Also, after losing Cameron, I am convinced without a doubt that there is a Heaven and that is where he is. I still have a lot of doubts at times but, I know that in my very core, Heaven is real. I so look forward to going there and holding Cameron again.
 
Since having my two rainbow babies- I feel I love them more since I lost my son. It is one of those things that can’t be explained- for I surely would have loved them more than anything either way, but I truly believe the hole in my heart left by Cameron allows me to love my other children even more. I certainly do not take them for granted. Many times I watch them sleep, or just hold them, with tears in my eyes, and thank God for them and pray for their safety.

It has also taught me determination. My husband and I were married less than a year when we lost Cameron. I know statistics show that marriages often fail after the loss of a child. And we have had many struggles, not all of them due to losing our son. But I have been determined for us to stay together. He is the only one who knew and loved Cameron like I did and understands, so, I know we have to stay together.

I also am awed at how much strength I have had and of course I am only strong through God. How could I survive through the unthinkable? I am amazed I am still here- putting one foot in front of the other. I know I can get through anything- I’m proud of making it through this and am so grateful to God for carrying me through it day-by-day, sometimes minute-by-minute. I have seen so many times that no matter how bad it is, there will be good again.

I now view the world differently. I am much more understanding of people who have losses.

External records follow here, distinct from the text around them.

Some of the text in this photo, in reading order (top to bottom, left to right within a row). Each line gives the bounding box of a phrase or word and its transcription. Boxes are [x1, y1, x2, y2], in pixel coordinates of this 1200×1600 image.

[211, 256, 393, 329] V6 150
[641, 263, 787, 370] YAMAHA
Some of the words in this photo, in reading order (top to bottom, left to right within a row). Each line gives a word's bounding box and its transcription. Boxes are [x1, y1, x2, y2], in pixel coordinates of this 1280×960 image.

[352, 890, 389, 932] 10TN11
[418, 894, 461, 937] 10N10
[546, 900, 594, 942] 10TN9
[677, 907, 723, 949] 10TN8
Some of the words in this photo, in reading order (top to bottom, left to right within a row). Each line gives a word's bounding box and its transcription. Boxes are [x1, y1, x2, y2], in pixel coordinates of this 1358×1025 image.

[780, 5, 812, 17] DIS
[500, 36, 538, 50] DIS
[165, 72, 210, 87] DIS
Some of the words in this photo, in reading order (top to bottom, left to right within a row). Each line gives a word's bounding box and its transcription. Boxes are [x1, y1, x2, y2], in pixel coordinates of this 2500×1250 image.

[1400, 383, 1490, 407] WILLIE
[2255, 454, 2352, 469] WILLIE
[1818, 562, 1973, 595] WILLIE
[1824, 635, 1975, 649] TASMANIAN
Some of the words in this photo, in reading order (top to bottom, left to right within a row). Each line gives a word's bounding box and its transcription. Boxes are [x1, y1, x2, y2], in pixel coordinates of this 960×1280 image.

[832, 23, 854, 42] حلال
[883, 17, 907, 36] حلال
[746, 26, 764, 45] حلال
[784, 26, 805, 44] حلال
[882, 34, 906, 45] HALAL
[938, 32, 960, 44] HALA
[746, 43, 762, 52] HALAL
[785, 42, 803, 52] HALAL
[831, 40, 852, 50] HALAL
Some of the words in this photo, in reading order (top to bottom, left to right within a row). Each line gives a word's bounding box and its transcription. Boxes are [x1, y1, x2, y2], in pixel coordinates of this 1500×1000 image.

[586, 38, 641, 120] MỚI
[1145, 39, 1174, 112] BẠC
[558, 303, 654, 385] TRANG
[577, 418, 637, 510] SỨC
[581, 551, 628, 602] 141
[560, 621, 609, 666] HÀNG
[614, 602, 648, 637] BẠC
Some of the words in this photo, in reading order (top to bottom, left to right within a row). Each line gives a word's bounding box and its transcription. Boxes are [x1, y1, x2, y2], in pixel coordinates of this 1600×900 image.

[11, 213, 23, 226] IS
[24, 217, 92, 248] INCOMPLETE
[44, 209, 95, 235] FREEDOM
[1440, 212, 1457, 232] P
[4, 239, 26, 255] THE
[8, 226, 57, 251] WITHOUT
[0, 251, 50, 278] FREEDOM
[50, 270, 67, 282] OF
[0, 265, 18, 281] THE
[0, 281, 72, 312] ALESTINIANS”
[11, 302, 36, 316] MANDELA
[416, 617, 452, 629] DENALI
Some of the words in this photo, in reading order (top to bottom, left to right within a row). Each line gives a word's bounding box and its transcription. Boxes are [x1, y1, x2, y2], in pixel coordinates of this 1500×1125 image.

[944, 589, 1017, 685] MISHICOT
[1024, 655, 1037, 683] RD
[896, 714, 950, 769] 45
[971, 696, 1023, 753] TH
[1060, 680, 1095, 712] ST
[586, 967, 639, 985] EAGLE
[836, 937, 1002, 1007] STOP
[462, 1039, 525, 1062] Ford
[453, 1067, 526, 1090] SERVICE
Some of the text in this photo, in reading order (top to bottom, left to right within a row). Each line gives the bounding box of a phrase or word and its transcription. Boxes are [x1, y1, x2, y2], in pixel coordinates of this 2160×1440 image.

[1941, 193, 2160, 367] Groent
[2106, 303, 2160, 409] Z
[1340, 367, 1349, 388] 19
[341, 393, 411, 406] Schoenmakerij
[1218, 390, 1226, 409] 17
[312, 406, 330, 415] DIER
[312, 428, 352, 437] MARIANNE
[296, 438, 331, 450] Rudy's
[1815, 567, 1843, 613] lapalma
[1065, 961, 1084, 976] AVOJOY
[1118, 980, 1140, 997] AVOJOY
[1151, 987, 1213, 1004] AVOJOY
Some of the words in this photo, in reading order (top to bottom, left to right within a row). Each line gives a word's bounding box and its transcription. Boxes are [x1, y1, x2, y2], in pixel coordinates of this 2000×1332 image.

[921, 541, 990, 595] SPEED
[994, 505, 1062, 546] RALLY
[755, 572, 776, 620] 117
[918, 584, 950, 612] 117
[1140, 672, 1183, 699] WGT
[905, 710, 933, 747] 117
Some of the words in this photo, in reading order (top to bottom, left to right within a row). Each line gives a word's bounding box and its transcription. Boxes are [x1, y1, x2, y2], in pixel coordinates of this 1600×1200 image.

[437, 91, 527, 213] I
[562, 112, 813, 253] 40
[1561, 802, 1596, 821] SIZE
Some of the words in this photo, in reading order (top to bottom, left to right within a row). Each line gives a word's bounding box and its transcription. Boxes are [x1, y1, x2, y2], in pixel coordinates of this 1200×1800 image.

I also see that everyone has difficulties to live through and we all need to treat each other with a little more grace. I've learned you can’t judge someone, especially if you haven’t been in their shoes.
 
I’m working so hard on becoming a better person and I think everyone can benefit from trying to improve themselves. I've been going to therapy for years and slowly, but surely, improving myself. Maybe all those years ago at group I was expecting to be a finished, better person, but now realize that I am still working on it.
 
One day about six years ago I had an epiphany. Instead of asking why this happen to me, I flipped it over and said how grateful I am that I got to be his mom. From all the people in the world and from all that have ever lived, God chose me to be Cameron’s mom. That is humbling. I wish the story ended differently. I wish Cameron was here today. But I wouldn't give him up for anything, even though being his mom has included terrific heartache. I am so blessed to be his mom and no one can take that away. I will be his mom for all eternity.
 
For years I have wanted to do big things in memory of Cameron. I was so frustrated that I wasn't able to. But when I look back now, I know people have come to me for advice when a friend has lost a baby. People have said they admired our faith and how we have gotten through. I have done small things to help people. At Grief Group one time a few years after Cameron’s death, one of the facilitators told me that Mother Teresa once said, “Not all of us can do great things but we can do small things with great love.” That really stuck with me. Then not too long ago, someone on a face book page was talking about the little random acts of kindness they had done in memory of their little one. And it all just hit me: THAT is what we can do.
  
And so this year we started “9 Days of Remembering Cameron” on September 11-19. (He would be turning nine on the 19th.) I am asking people to join us doing random acts of kindness on those days; little things with great love for our little guy. This is the first September in nine years I have felt peace and hope.
 
It took a lot of digging but, I have found some hidden treasures. The most important is: I am a better person. For one thing, I am Cameron’s mom, what could be better than that?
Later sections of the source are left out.